The hard-luck story of a Hollywood star's childhood is nothing new, but few overcame their difficult childhood with as much grace, style, and good humor as Dorothy Lamour.
Her parents, a waiter and waitress in New Orleans, divorced when Dorothy was very young. Her mother remarried (Dorothy would take her step-father's name, Lambour) but divorced again when Dorothy was in her early teens, forcing survival on a meager waitress's salary. At fifteen, Dorothy dropped out of high school and begin working. She got a big break in 1931 when she won the Miss New Orleans pageant (in a blue linen dress that cost $2.98). Her exotic looks, the result of her Louisiana-French, Spanish, and Irish heritage, represented the city's cultural heritage, and had to be a help launching her singing career.
Still it was a slow launch. She moved to Chicago and started as an elevator operator while making the rounds of local vaudeville revues. An audition for bandleader Herbie Kay's national radio program landed her, not just the job as the orchestra's female vocalist, but also a short-lived marriage to the band leader!
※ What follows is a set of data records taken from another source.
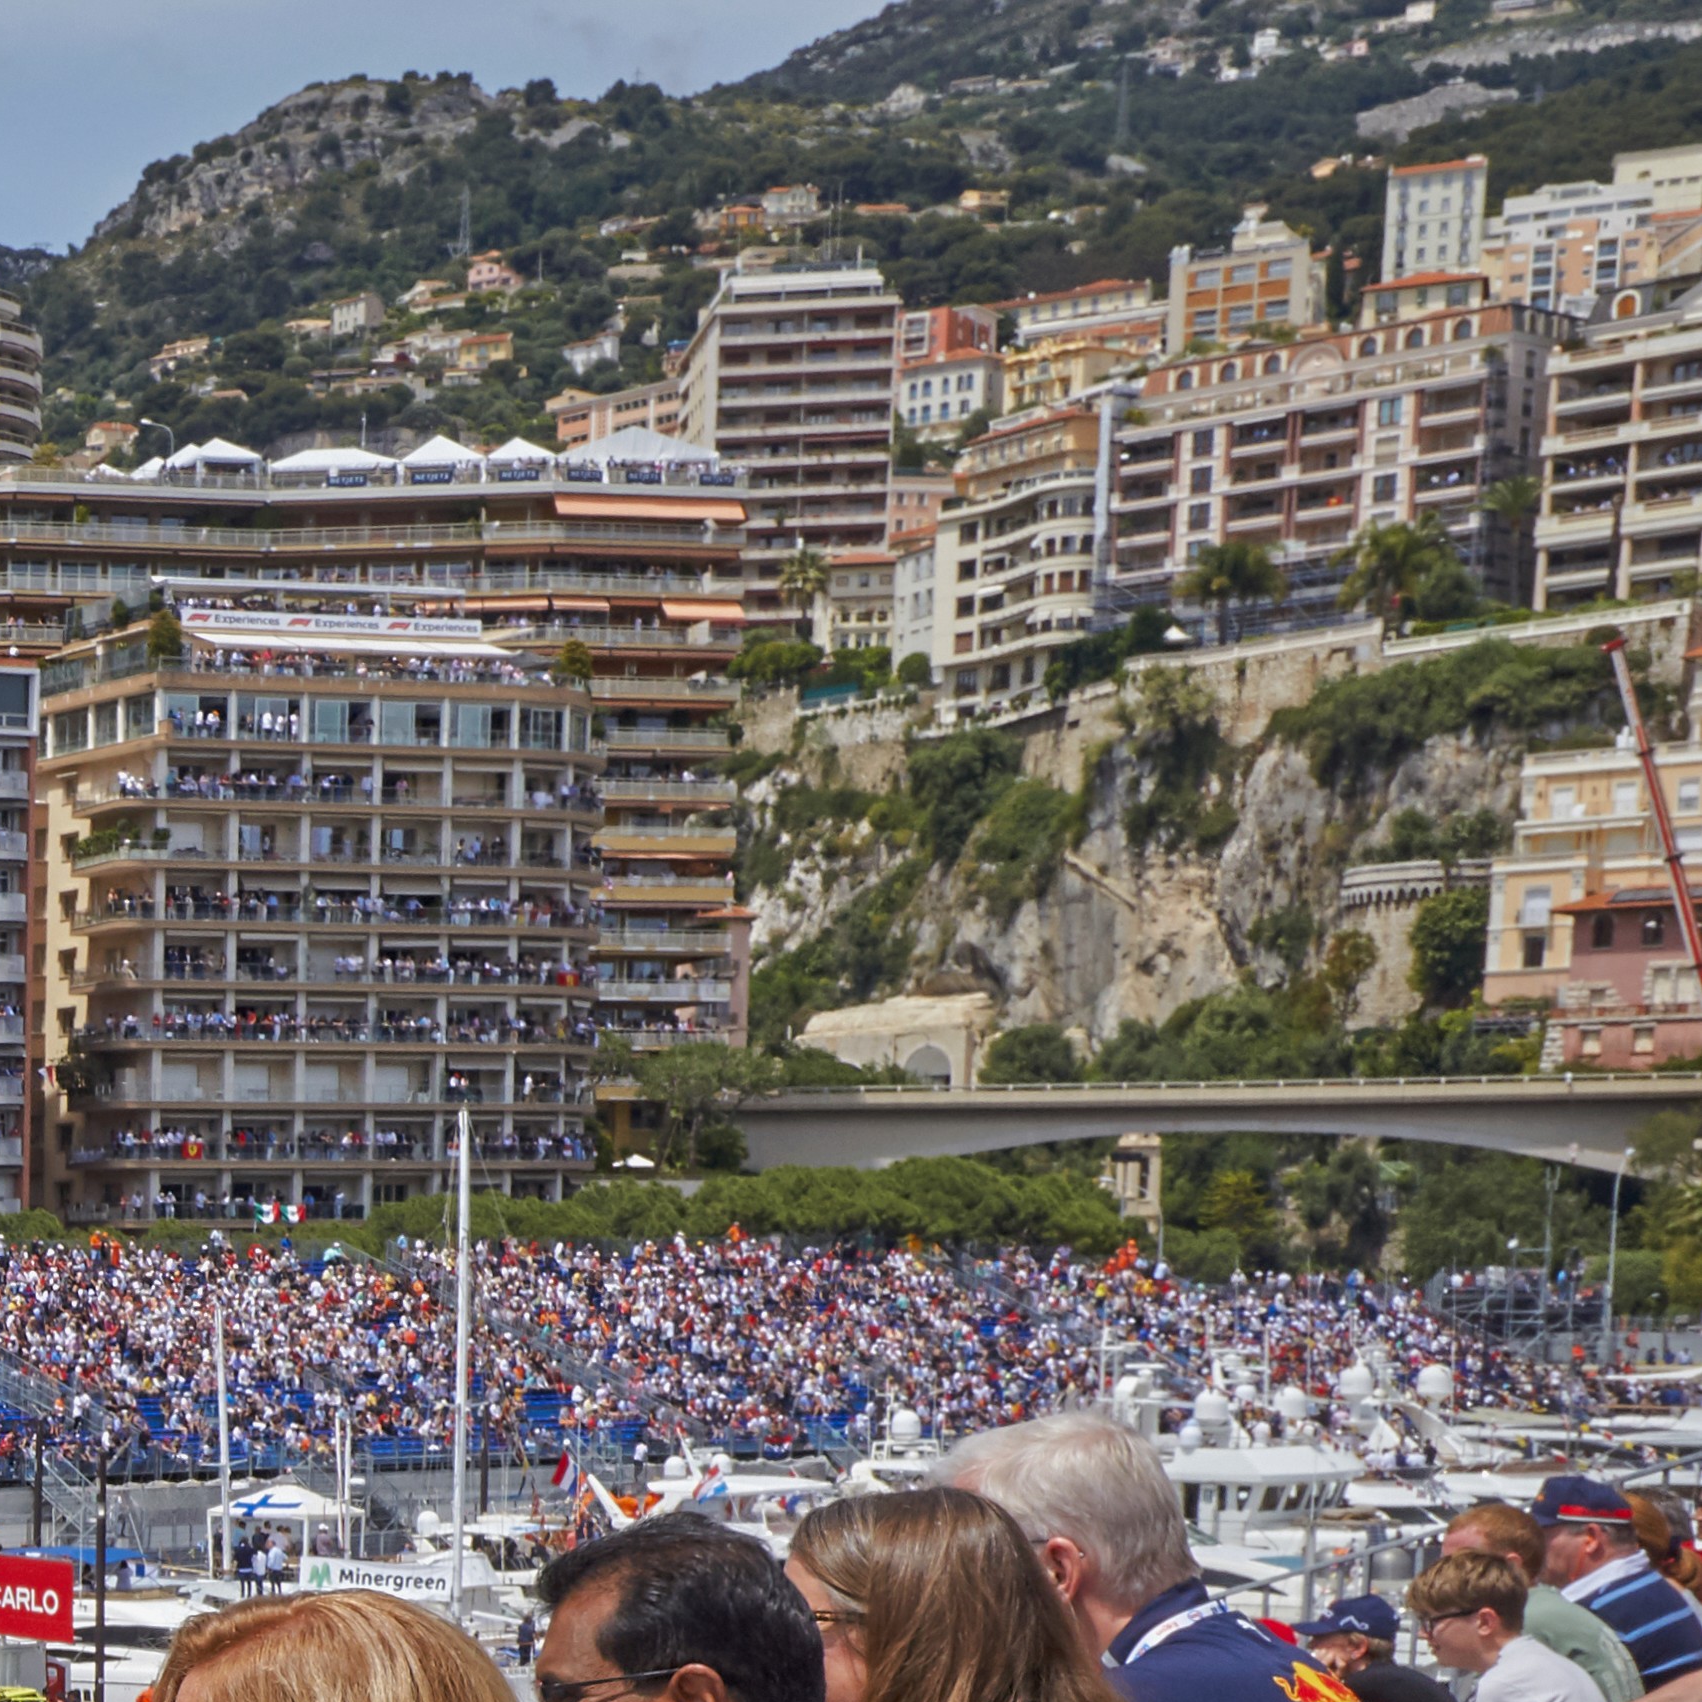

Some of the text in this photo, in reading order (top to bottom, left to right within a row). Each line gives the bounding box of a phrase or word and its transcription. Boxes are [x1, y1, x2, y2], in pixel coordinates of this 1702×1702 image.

[414, 472, 449, 482] NETJETS
[502, 470, 536, 479] NETJETS
[214, 613, 280, 626] Experiences
[315, 618, 379, 631] Experiences
[413, 621, 478, 634] Experiences
[338, 1568, 446, 1591] Minergreen
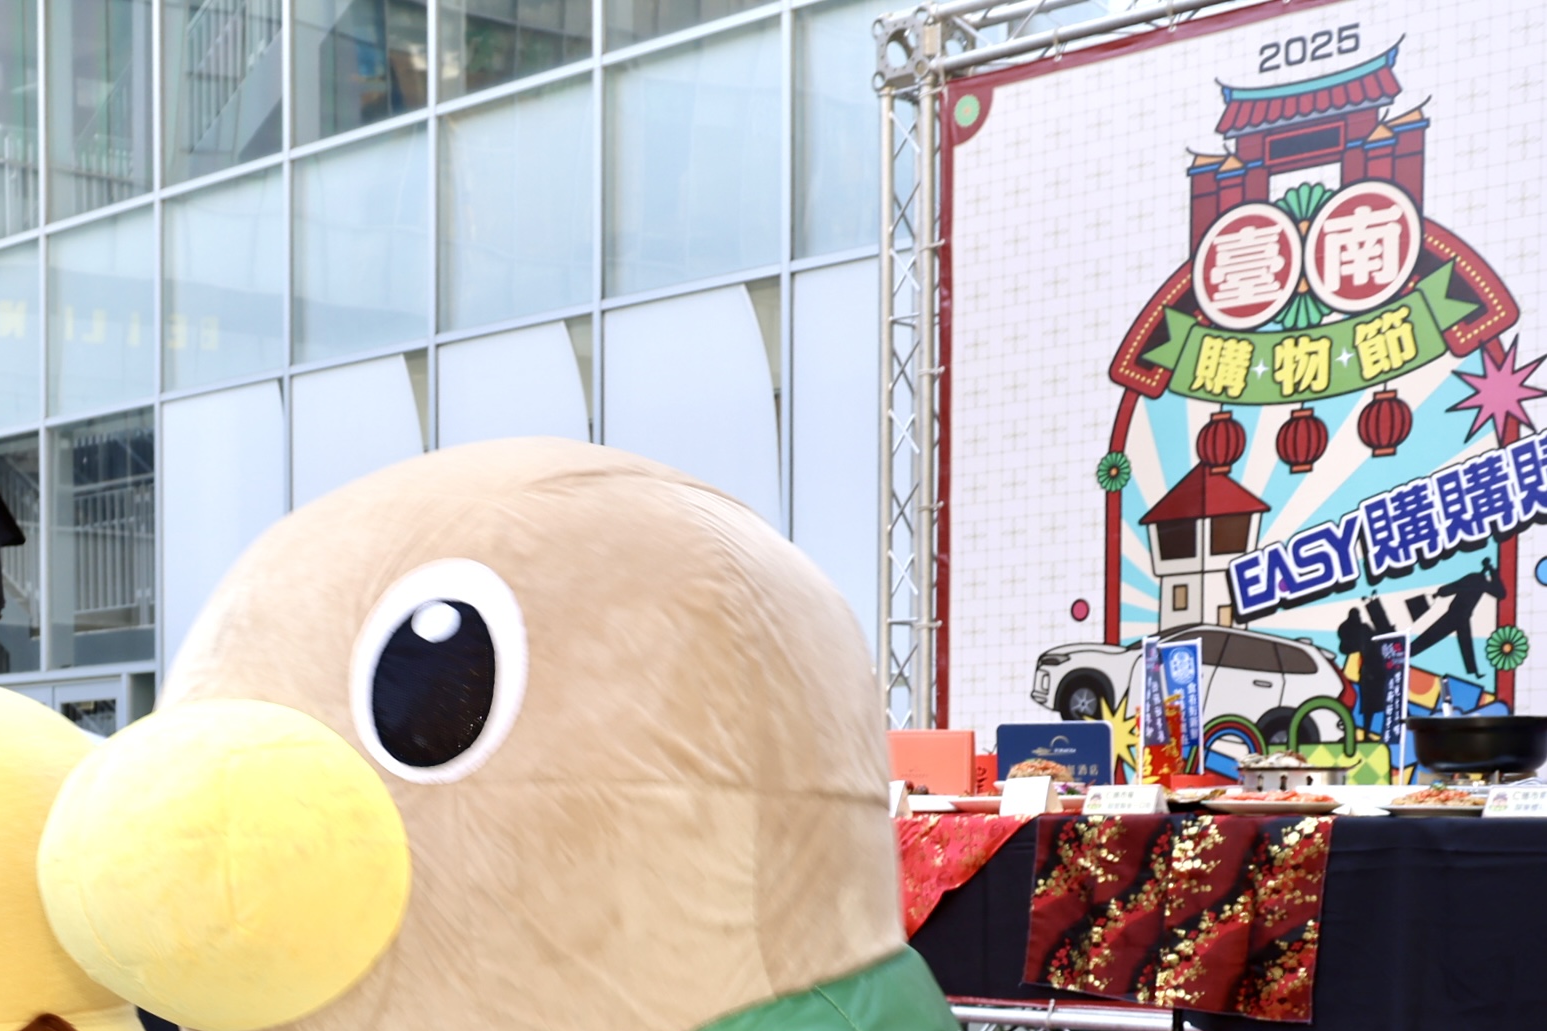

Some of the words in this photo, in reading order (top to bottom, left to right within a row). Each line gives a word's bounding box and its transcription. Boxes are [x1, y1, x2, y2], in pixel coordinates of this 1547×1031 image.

[1258, 22, 1360, 74] 2025
[1209, 204, 1404, 310] 臺南
[1189, 305, 1418, 398] 購物節
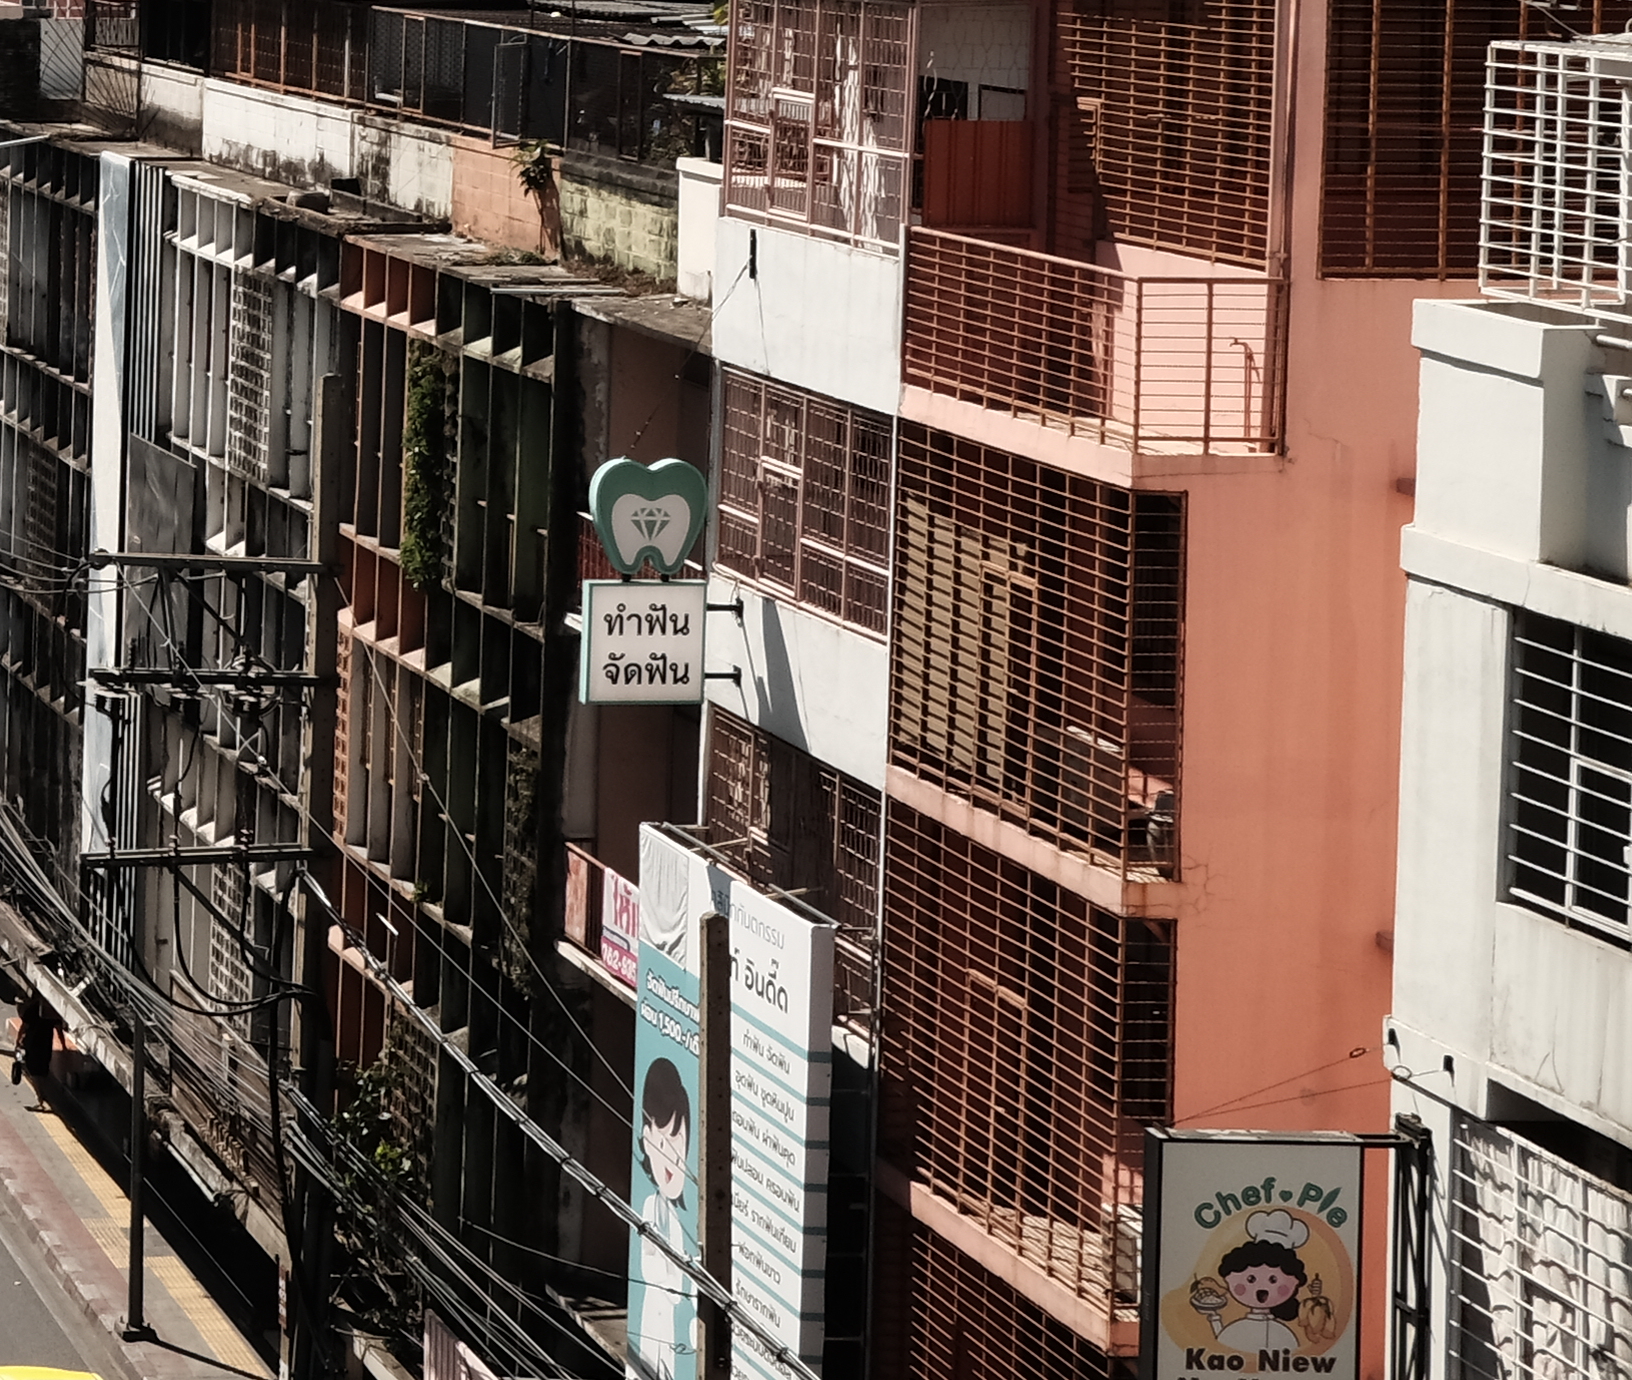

The couple moved to New York where Dorothy began performing in nightclubs. There she was spotted by studio magnate Louis B. Meyer, who offered her a screen-test, contract, and her trademark costume.
Her breakout role was in the starring role of The Jungle Princess (1936), for the first time wrapped in the sarong which would become her trademark. (In actuality, Lamour wore the sarong in only six of her 50+ films, but those six films left a significant impression.) By the end of the 30's, Paramount recognized that their most bankable stars were Bing Crosby, Bob Hope, and Dorothy Lamour. It made complete sense to cast all three into the same film. The Road To Singapore proved that the chemistry between Hope and Crosby was magical but that Dorothy had the comedic chops to stand with them. She quipped "I felt like a wonderful sandwich, a slice of white bread between two slices of ham." Running gags built on the patter and ad-libs between Hope and Crosby filled the "Road To" films, but the crew realized they had found magic during the filming of Singapore. The ad-libs had been flying when Dorothy looking into the camera and said "Hey fellas, I haven't had a line for ages!"
During the war, Lamour was one of the most popular pin-up girls, but she also did her part by starting the movie star War Bond Tours. Lamour personally promoted the sales of more that $21 million in War Bonds.
Lamour had a long association with radio. Her first husband was a fraternity brother of Rudy Vallee's, who helped her get started on his own program, as well as The Chase and Sanborn Hour. NBC put her under contract for The Dreamer Of Songs about the time her movie career started. After the War Dorothy became the hostess of Front And Center. The variety program was a summer replacement for The Fred Allen Show, with the Army Air Force recruiting as sponsors. The military connection gave the show its title; the hostess and her guests were called to report "front and center". The Air Corp connection also gave the show's male quartet, The Crew Chiefs, their name.
The biggest attraction of this old time program is more than the talent of the guests or even the considerable comic and singing talents of the hostess. It is the genuine fun that Lamour seems to be having during the performances. The program was successful enough to relaunch for the 1948 season as The Sealtest Variety Hour.